Classic Mississippi Mud Cake Recipe

Chocolate cake is delicious enough on its own, but when you top it off with marshmallow fluff, frosting, and some crunchy pecans, it becomes truly irresistible. Recipe developer Jessica Morone does exactly that with her classic Mississippi mud cake, which she describes as "rich and decadent." 

If you've never made a cake from scratch, you may find it to be a daunting task — but fear not, as Morone assures us that this mud cake is actually quite easy to make. "Since it is a sheet cake you just bake it in one pan and then add the marshmallow fluff and chocolate frosting on top," she describes. Morone also can't help but rave about how tasty this cake is, explaining that she loves "the flavor of the chocolate cake with the gooey marshmallows, the chocolate frosting, and the crunchy pecans together." It really is an unbeatable combo, but you'll find that out for yourself soon enough once you get busy in the kitchen!

Gather the ingredients for Mississippi mud cake

The ingredient list for this cake is quite hefty, but many items are pantry staples, so be sure to check inventory before heading to the store. All told, you'll need flour, granulated sugar, cocoa powder, baking soda, baking powder, salt, vegetable (or canola) oil, eggs, vanilla extract, whole milk, sour cream, hot coffee, marshmallow fluff, salted butter, powdered sugar, and some chopped pecans for an optional garnish.

"There are two special ingredients in this cake," Morone explains. "The first is the coffee in the cake, which gives the chocolate a deeper richer flavor, but doesn't make the cake taste like coffee, the second is the sour cream, which makes the cake extra moist."

Start by whisking together the dry ingredients

Before diving into the prep work, first get your oven preheating to 350 F, then lightly grease a 9x13-inch baking pan and set it aside.

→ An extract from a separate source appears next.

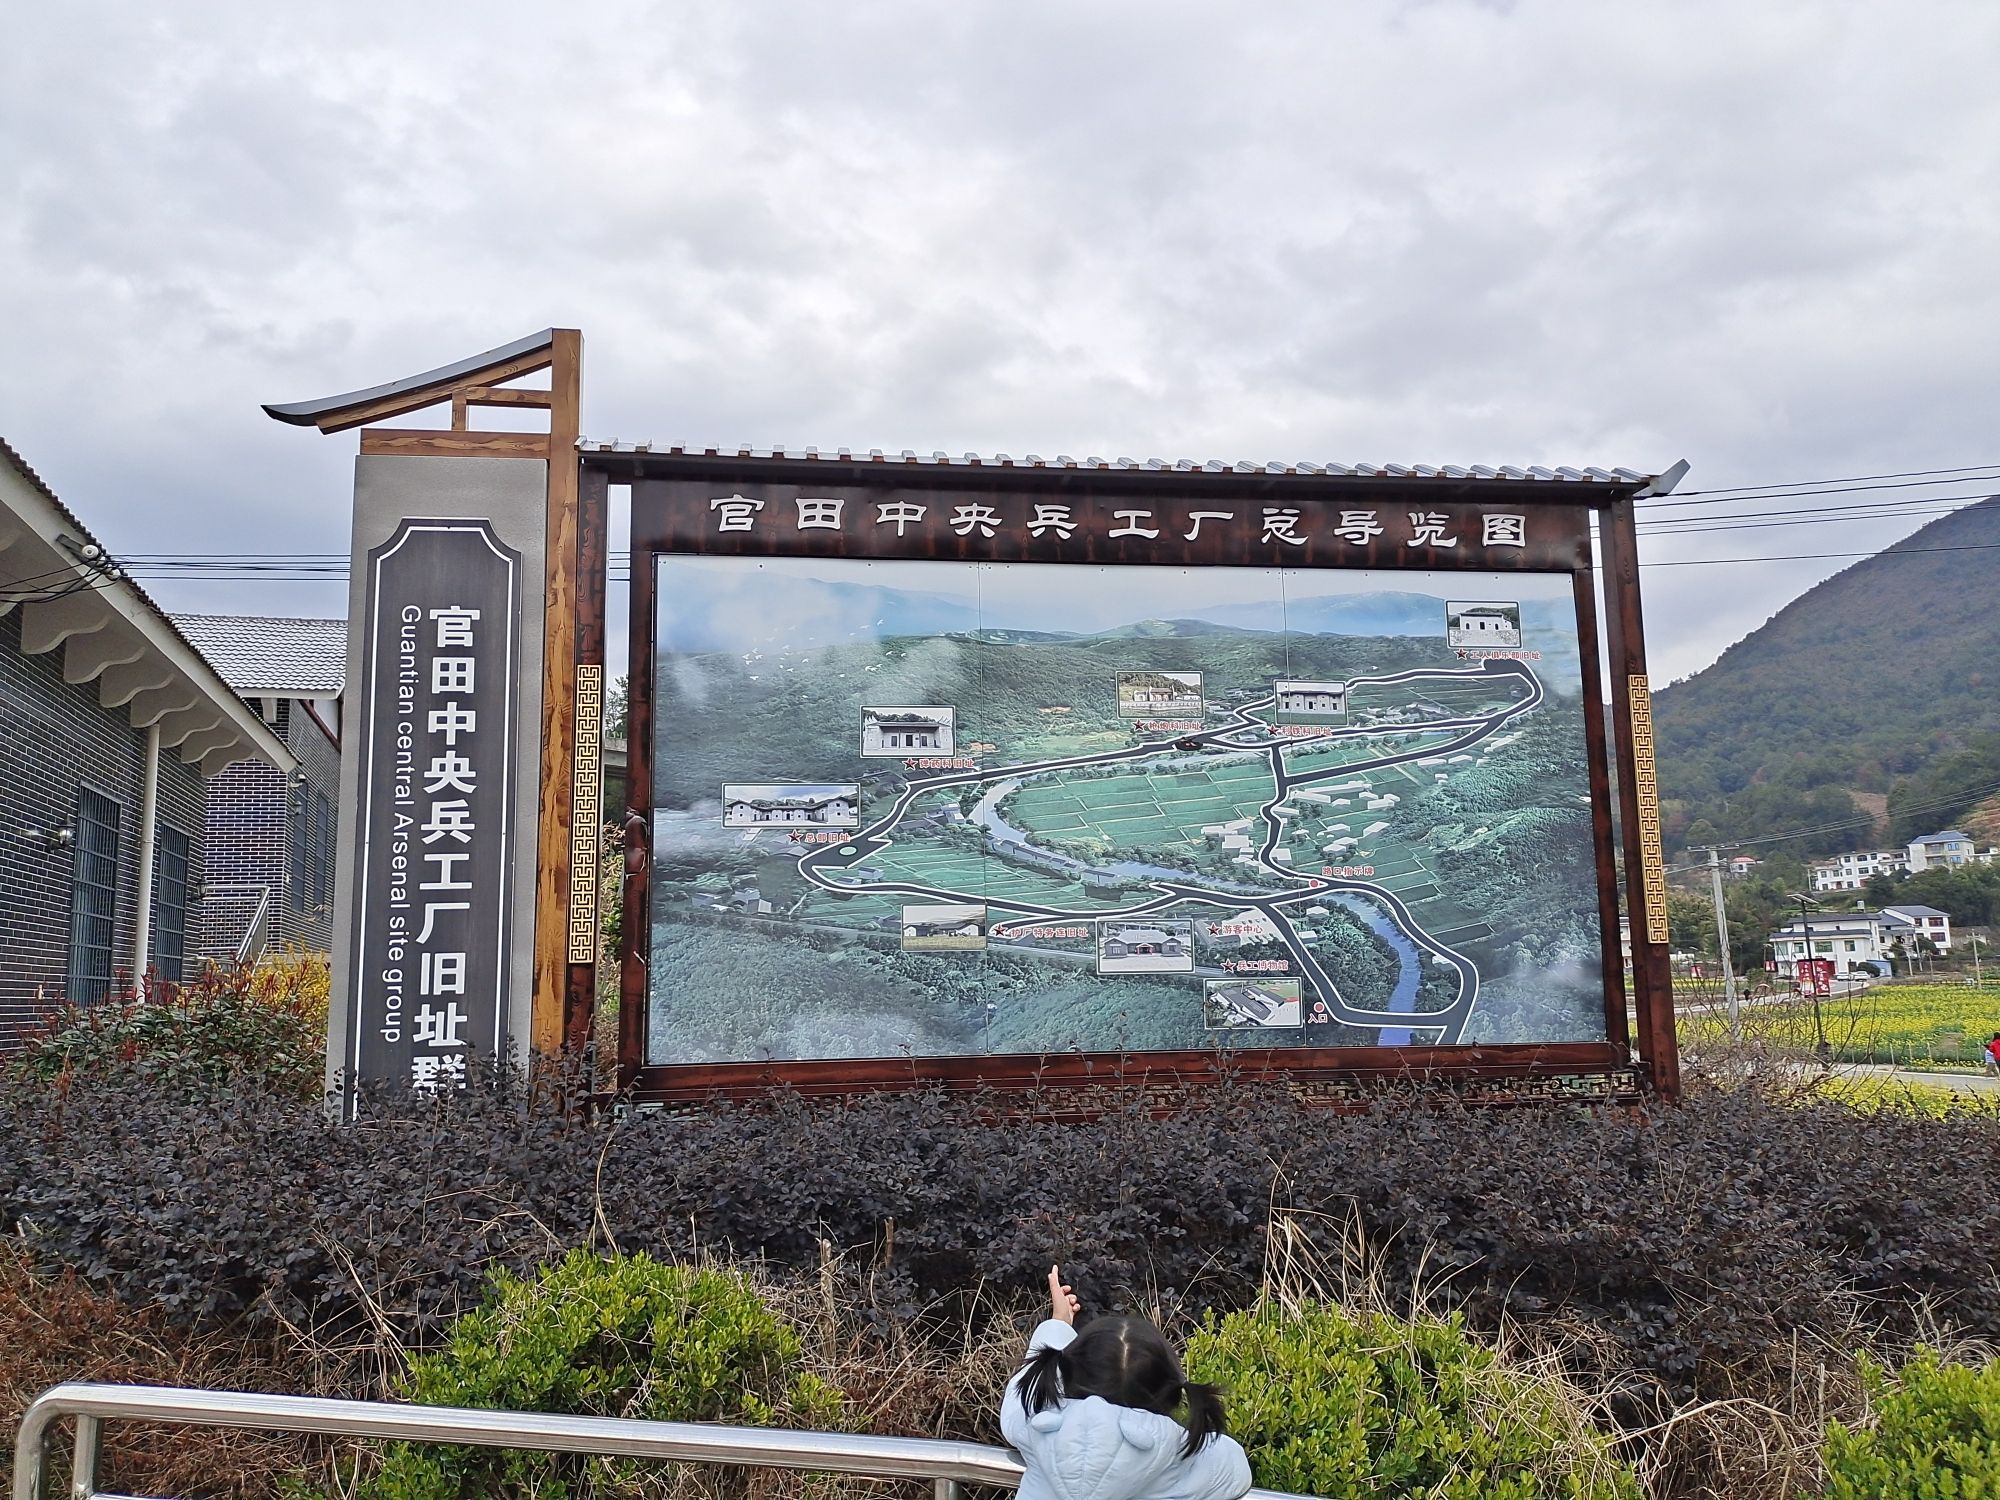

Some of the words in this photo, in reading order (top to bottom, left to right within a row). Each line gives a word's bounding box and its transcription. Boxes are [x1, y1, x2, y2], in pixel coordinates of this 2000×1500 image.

Now, start with the dry mix: In a large bowl, add the flour, sugar, ½ cup cocoa powder, baking powder, baking soda, and salt. Whisk them together, ensuring that all ingredients are evenly combined. Set this bowl aside for a moment.

Mix the wet ingredients, then add the dry mixture

In a separate large bowl, add in the oil, eggs, 1 teaspoon of vanilla extract, ½ cup of whole milk, and sour cream. Use an electric mixer to beat the ingredients until combined, then slowly pour in the hot coffee, once again beating until blended.

Now, you can add the dry ingredients into the bowl with the wet ones, and mix until just combined — be wary of overmixing. Morone warns, "that can cause it to end up too tough, you want to just mix it until everything is incorporated."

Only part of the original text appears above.